Transitioning from acute to maintenance treatment

Transitioning patients from the acute treatment of bipolar disorder to long-term maintenance therapy requires careful management. The rates of relapse and suicide are higher among patients with bipolar disorder than among those with many other diseases and disorders. Manning10 provides a methodology to monitor adverse effects, symptom reduction, and signs of relapse. The author proposes the use of common rating scales to judge patient outcomes. These include the Patient Health Questionnaire 9 (PHQ-9) for symptoms of depression and the National Institute of Mental Health Life-Chart Method (NIMH-LCM) to track the long-term efficacy of bipolar disorder maintenance therapy.

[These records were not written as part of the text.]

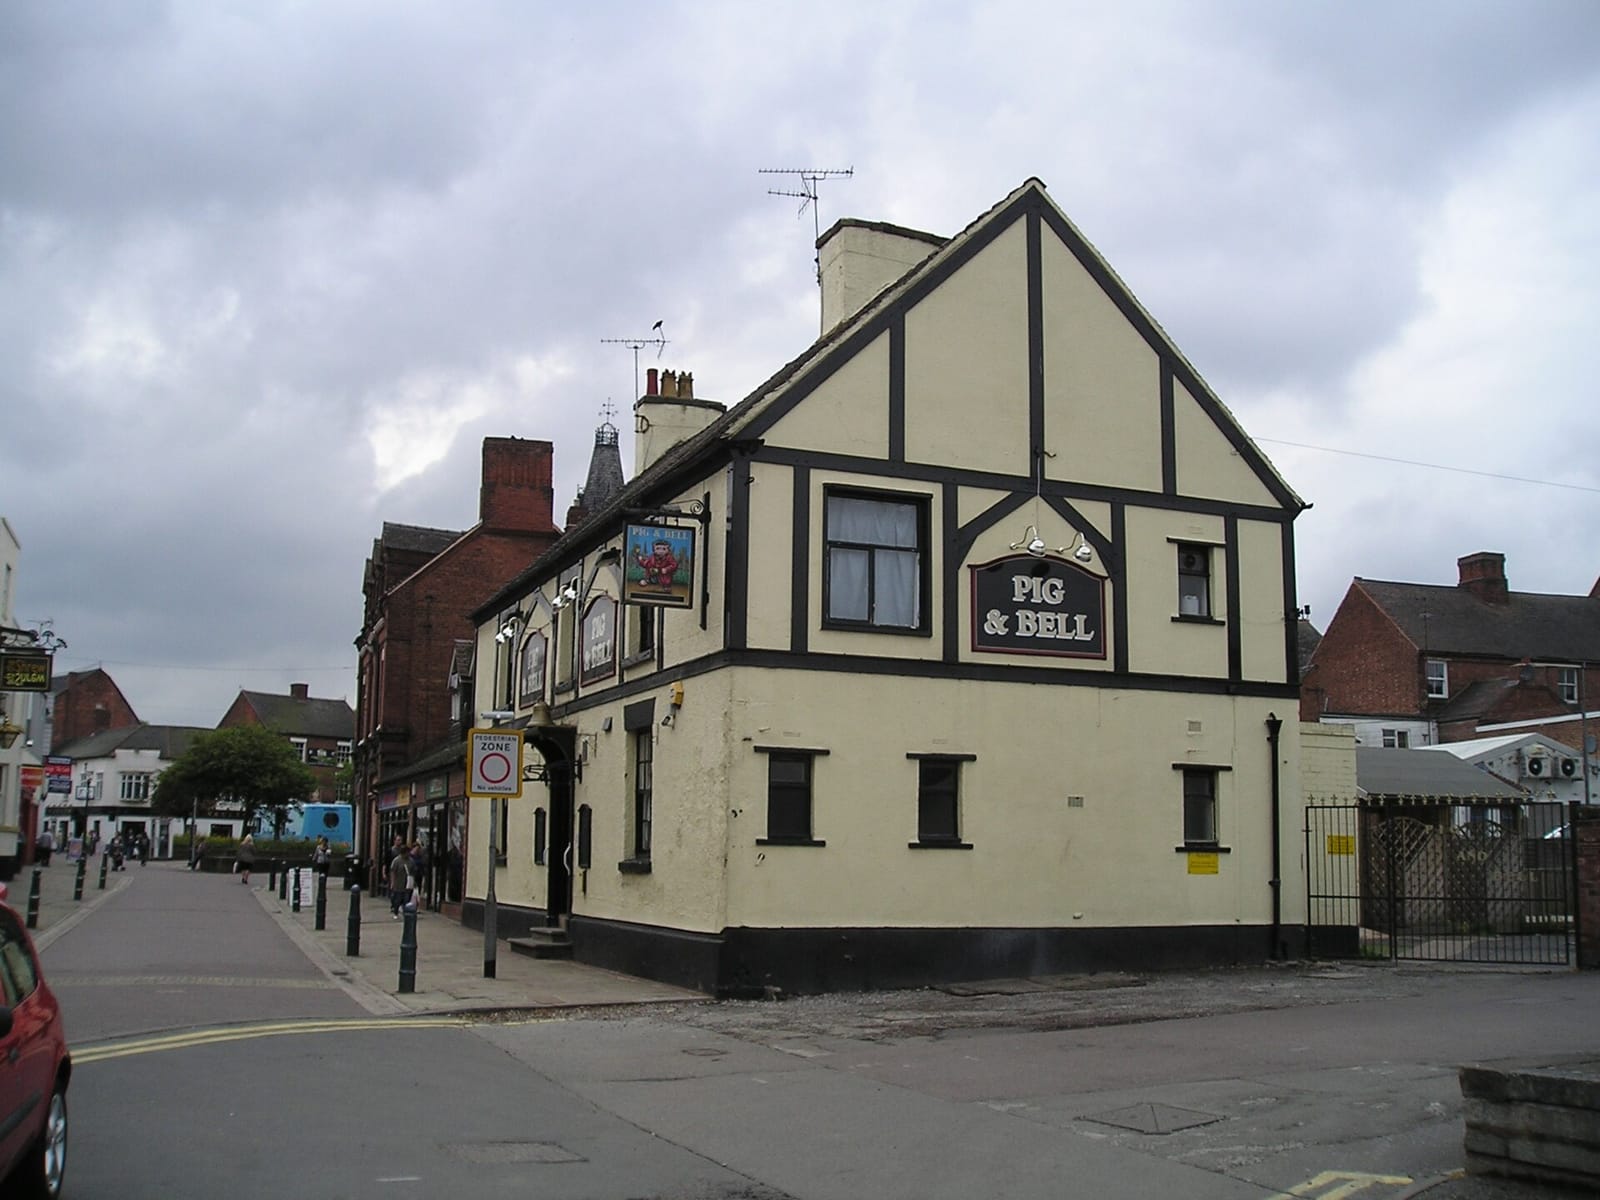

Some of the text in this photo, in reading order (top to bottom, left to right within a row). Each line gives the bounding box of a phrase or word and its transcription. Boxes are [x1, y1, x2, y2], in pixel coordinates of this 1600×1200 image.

[632, 528, 648, 537] PIG
[665, 530, 689, 539] BELL
[1012, 575, 1066, 604] PIG
[591, 612, 606, 640] PIG
[984, 609, 1095, 640] & BELL
[591, 639, 612, 669] BELL
[481, 742, 511, 751] ZONE
[1457, 850, 1488, 861] AND

Manning10 proposes continuation of the medication(s) used for acute remission, with thorough monitoring of response levels.

Maintenance treatment of bipolar disorder

The FDA has approved 7 medications for the maintenance treatment of bipolar disorder: lithium, lamotrigine, aripiprazole, olanzapine, quetiapine (as an adjunct), ziprasidone (as an adjunct), and long-acting injectable (LAI) risperidone.11 Most patients with bipolar disorder demonstrate polarity, relapsing more frequently into either mania or depression. Patient polarity influences the choice of maintenance treatment (Table 6). Lamotrigine or quetiapine reduces depressive relapses in patients who have a depressive polarity. For patients with a mania polarity, the recommended therapies are lithium, aripiprazole, olanzapine, LAI risperidone, and either ziprasidone or quetiapine with mood stabilizers.10

Miura et al2 conducted research into the longer-term efficacy and tolerability of the medications used for the maintenance treatment of bipolar disorder. The authors analyzed 33 randomized, controlled trials to determine recommendations. The trials did not distinguish between subtypes of bipolar disorder. The authors concluded that lithium remains a good first-line option for maintenance treatment, but that olanzapine should be considered for patients with mania-dominant polarity and quetiapine for patients with depression-dominant polarity.